🇲🇪 Montenegrin Cuisine

Crni Rizot

Black Risotto

Prep Time 1 hour
Servings 4
Difficulty Hard
Calories 422 kcal

Dramatic jet-black risotto colored with cuttlefish ink, studded with tender squid, and finished with Adriatic olive oil — a Montenegrin coastal treasure.

Ingredients

  • 300g arborio rice
  • 500g cleaned squid, sliced into rings
  • 2 sachets cuttlefish ink
  • 1 onion, finely diced
  • 3 cloves garlic, minced
  • 150ml dry white wine
  • 1L fish or vegetable broth, warm
  • 3 tbsp olive oil
  • Fresh parsley
  • Salt, pepper

Instructions

  1. 1 Heat olive oil, sauté onion and garlic until translucent.
  2. 2 Add squid rings, cook 3 min until just opaque.
  3. 3 Add rice, toast 2 min stirring constantly.
  4. 4 Pour in wine, stir until absorbed.
  5. 5 Add cuttlefish ink and a ladle of warm broth.

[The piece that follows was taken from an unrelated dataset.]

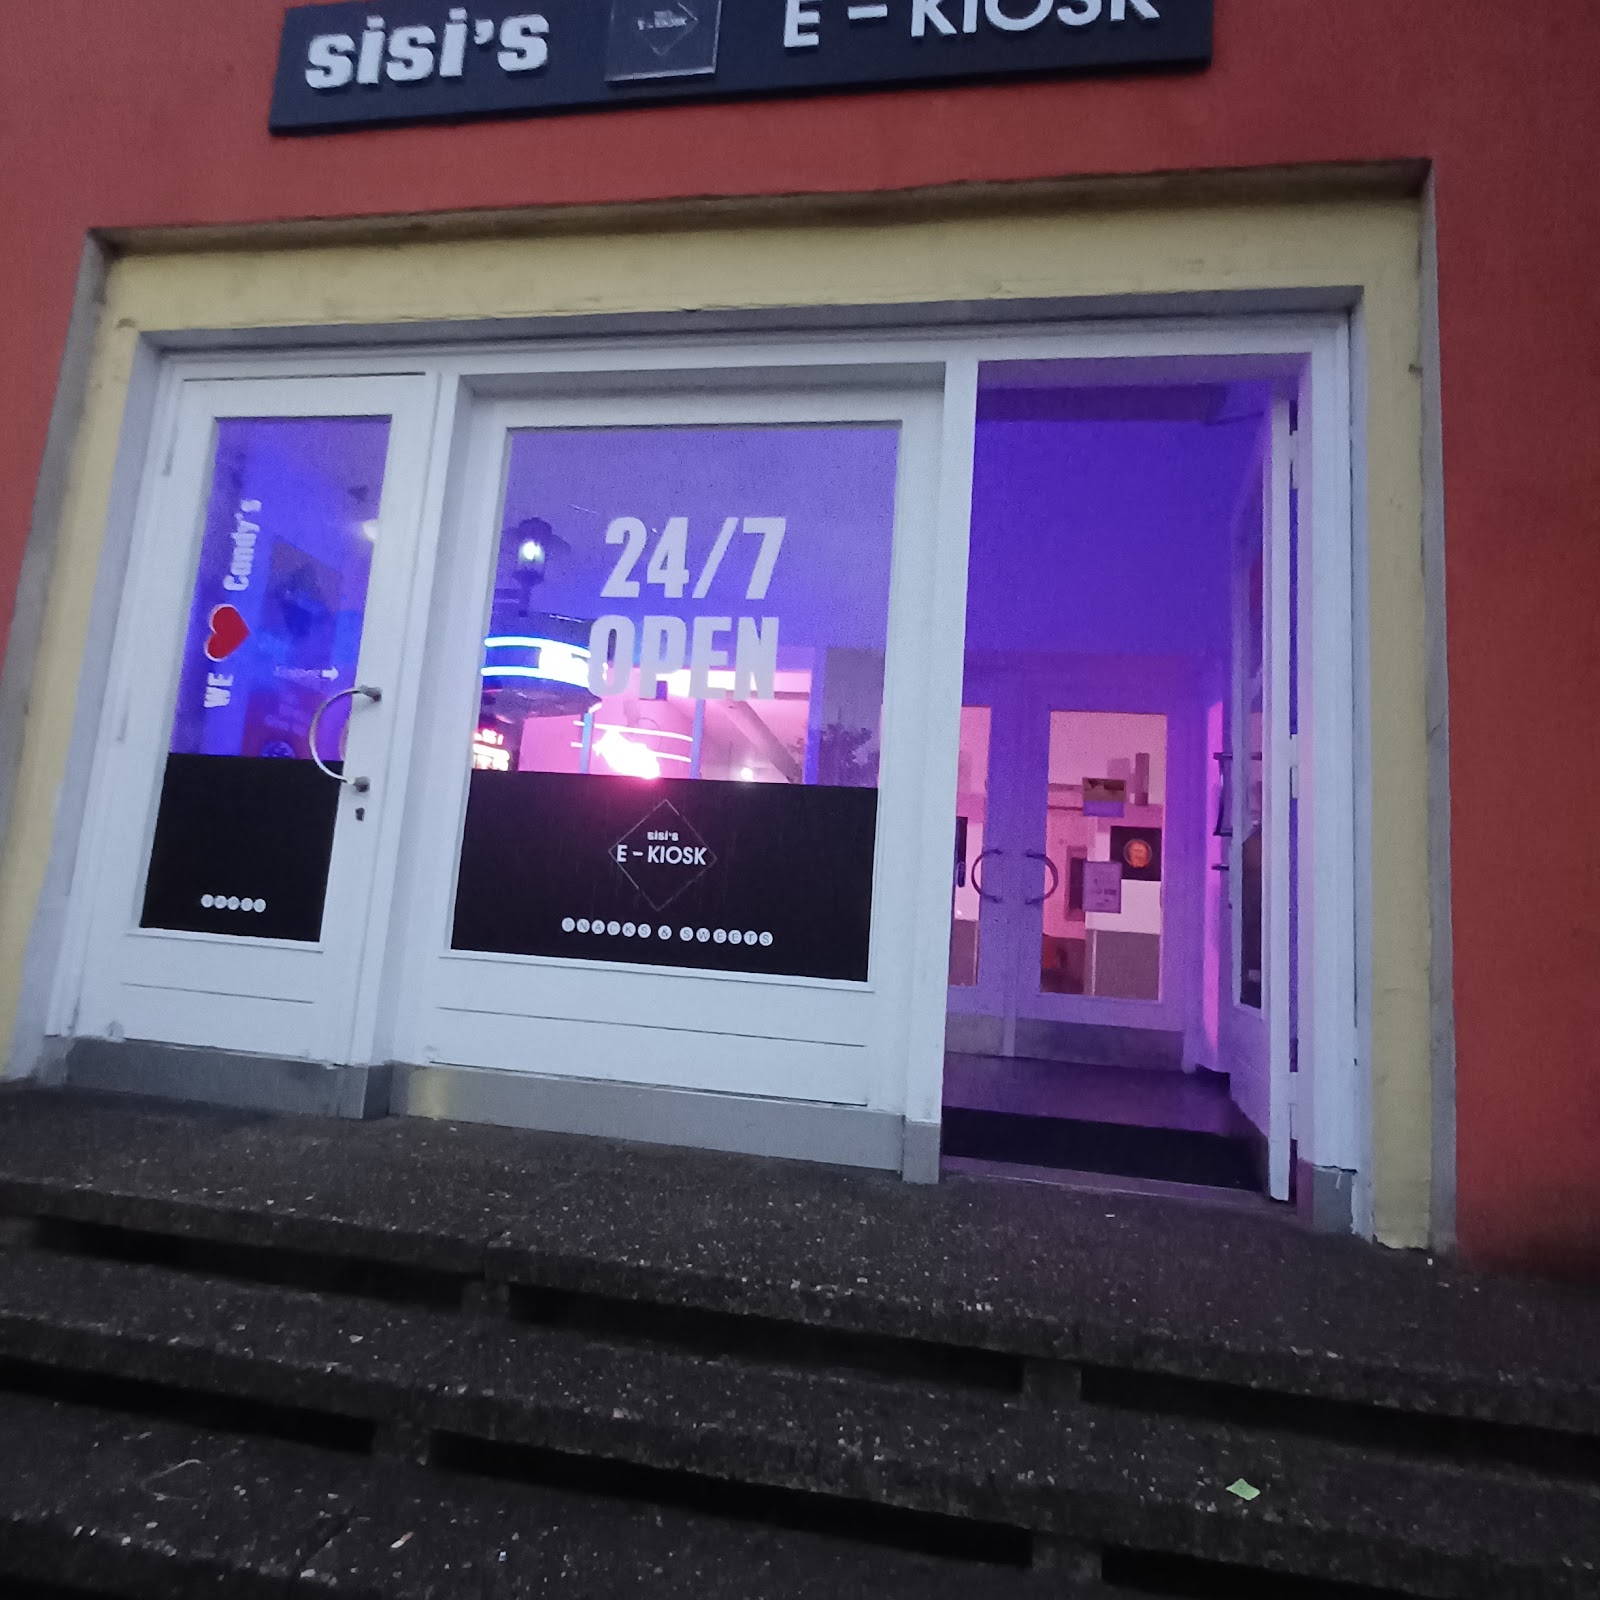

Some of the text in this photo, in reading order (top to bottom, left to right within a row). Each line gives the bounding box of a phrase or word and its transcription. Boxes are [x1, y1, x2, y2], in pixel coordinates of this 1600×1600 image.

Stir and repeat, adding broth one ladle at a time over 18-20 min.
  6. 6 When rice is al dente and creamy, remove from heat. Season and garnish with parsley and olive oil.

Did You Know?

Diners eating crni rizot for the first time are often startled by black-stained teeth and lips — a badge of honor at Montenegrin coastal restaurants.